Creating Connection is a national movement to make arts and culture a recognized, valued, and expected part of everyday life.
It builds on previous efforts to promote the arts and culture, but is grounded in new research and a unique approach to building public will that creates change that stands the test of time.
They are now sharing what the initiative has learned with organizations and leaders across the country -- offering presentations, in-depth training programs, workshops, and technical assistance that can help you understand and apply these new strategies, messages, and tactics to your work.
Creating Connection is co-led by Arts Midwest and Metropolitan Group in collaboration with a committed group of state and local arts agencies, arts and culture institutions, arts service organizations, working artists, arts educators, and others.
Creating Connections has developed a message guide and set of tools to help you apply their strategies in your own work and programs. These materials are free for you to download and reuse. These include: a message guide, story and photo tips, an engagement guide, and much more. Find the entire suite of tools by clicking here.
Looking to review the public values research? Curious to hear from arts and culture leaders about how they’ve used the Creating Connection recommendations to shift their messaging and programming? Check out the growing library of recorded webinars for stories and insights from the field.

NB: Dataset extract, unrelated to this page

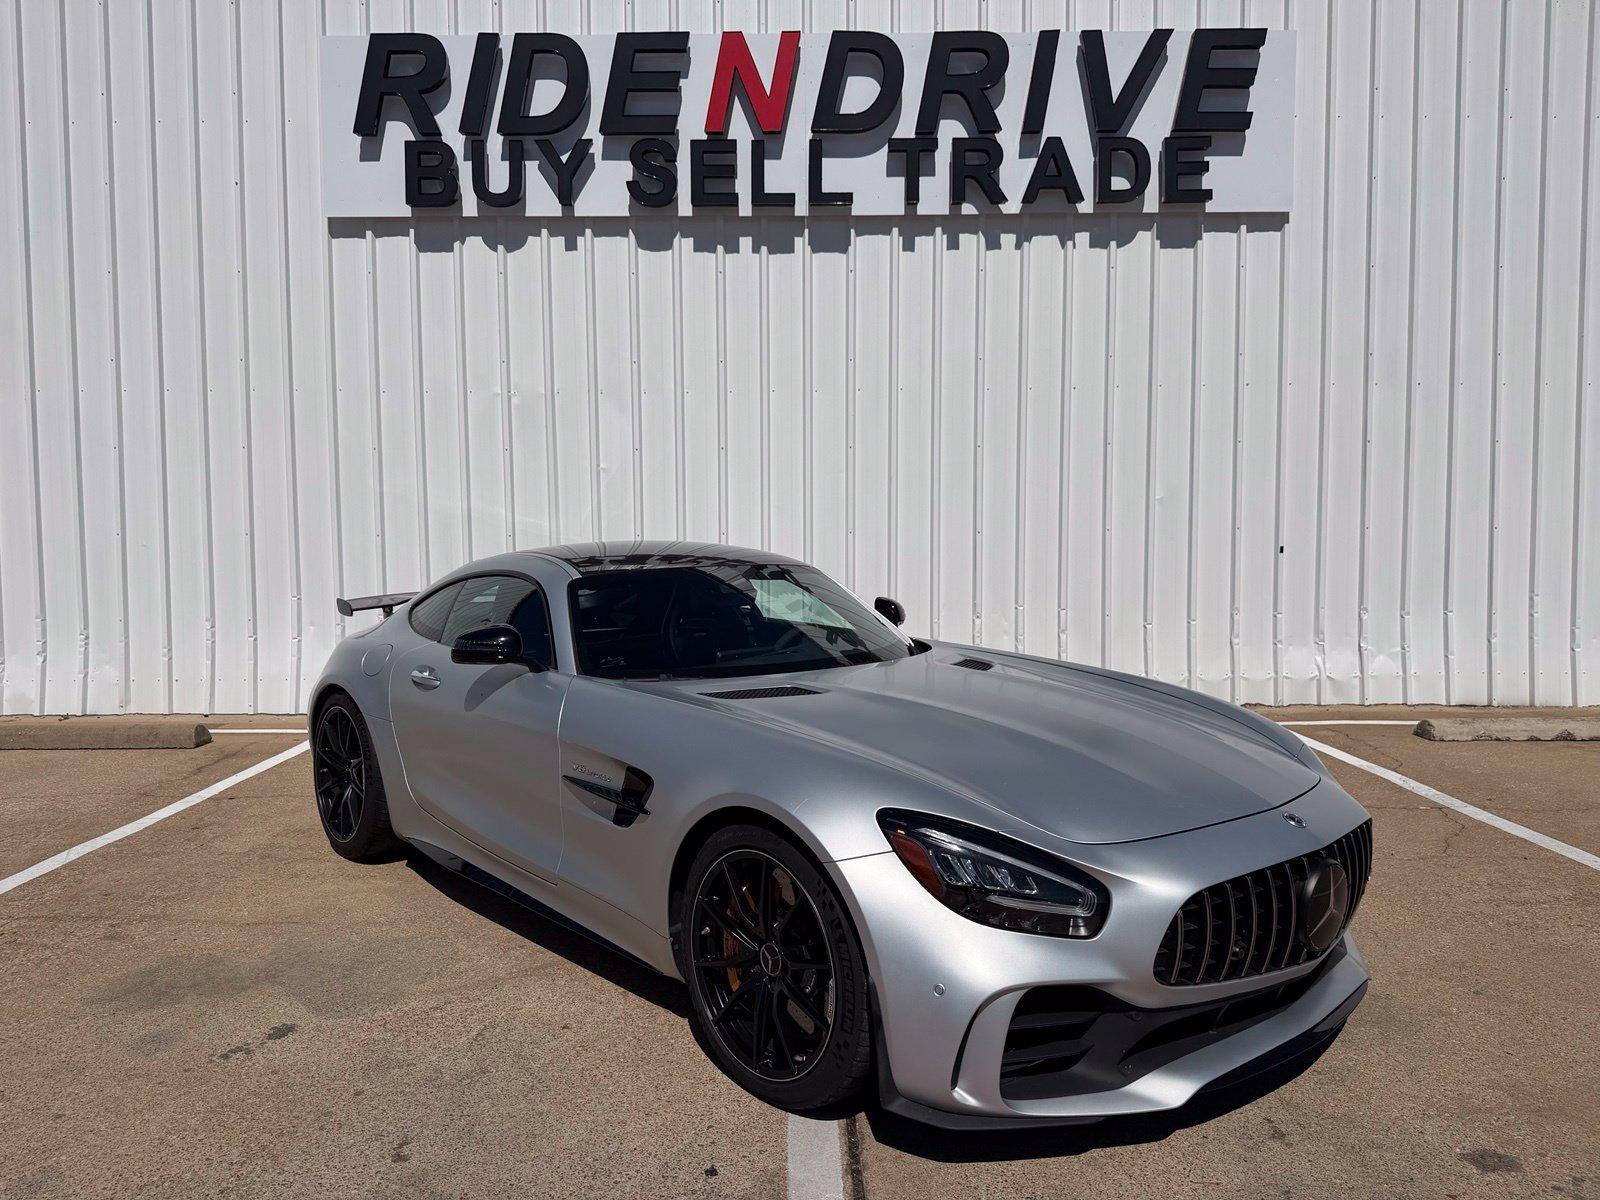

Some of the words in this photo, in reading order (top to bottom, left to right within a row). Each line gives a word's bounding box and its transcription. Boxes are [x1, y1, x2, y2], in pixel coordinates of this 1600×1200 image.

[353, 28, 1267, 136] RIDENDRIVE
[404, 138, 593, 208] BUY
[626, 137, 853, 208] SELL
[887, 136, 1213, 206] TRADE

Access the Creating Connections webinar page by clicking here.
At its core, art, culture and creativity is about connecting with other people — whether that’s in a historical museum, concert hall, hometown festival or an afterschool program. The Michigan Council for Arts and Cultural Affairs, inspired by the tools offered from Creating Connection, created a five-part series of intimate, first-person stories about how creative expression brings us closer to other people, the community around us, and to ourselves. Check out the unique and inspiring stories below.
Hannan Center: Beyond U
"We started the virtual class with no equipment. The drumsticks were our hands, and our drum could be our body. It could be the table. It could be a countertop. Anything that you can beat on, it's still working the brain of seniors, and helping them to exercise creativity."
Ebony Road Players: Edye Evans Hyde
I got a bunch of artist friends together and we decided, not knowing what the heck we were doing, “Hey, let's just have a black theater company and every year we'll just do a theater production!” That grew from just having fun, to an opportunity for kids and adults to have somewhere to go, and to be able to see themselves onstage, and be able to tell their own stories.
Benton Harbor teen found purpose, confidence through stained glass art
"The Fired Up program? Whew! It gave me a purpose," Otis said. It taught me to be a better person, showed me leadership, and that if I take the initiative and I apply myself, I can get those opportunities out there.
Rock camp teaches Detroit girls to express themselves in loud, wild ways
"My guitar makes me feel safer almost. It makes me feel powerful. And angry sometimes, but strong, that I could do that. And it has given me more confidence," Penny said. "I find it cool that sometimes I can be really loud."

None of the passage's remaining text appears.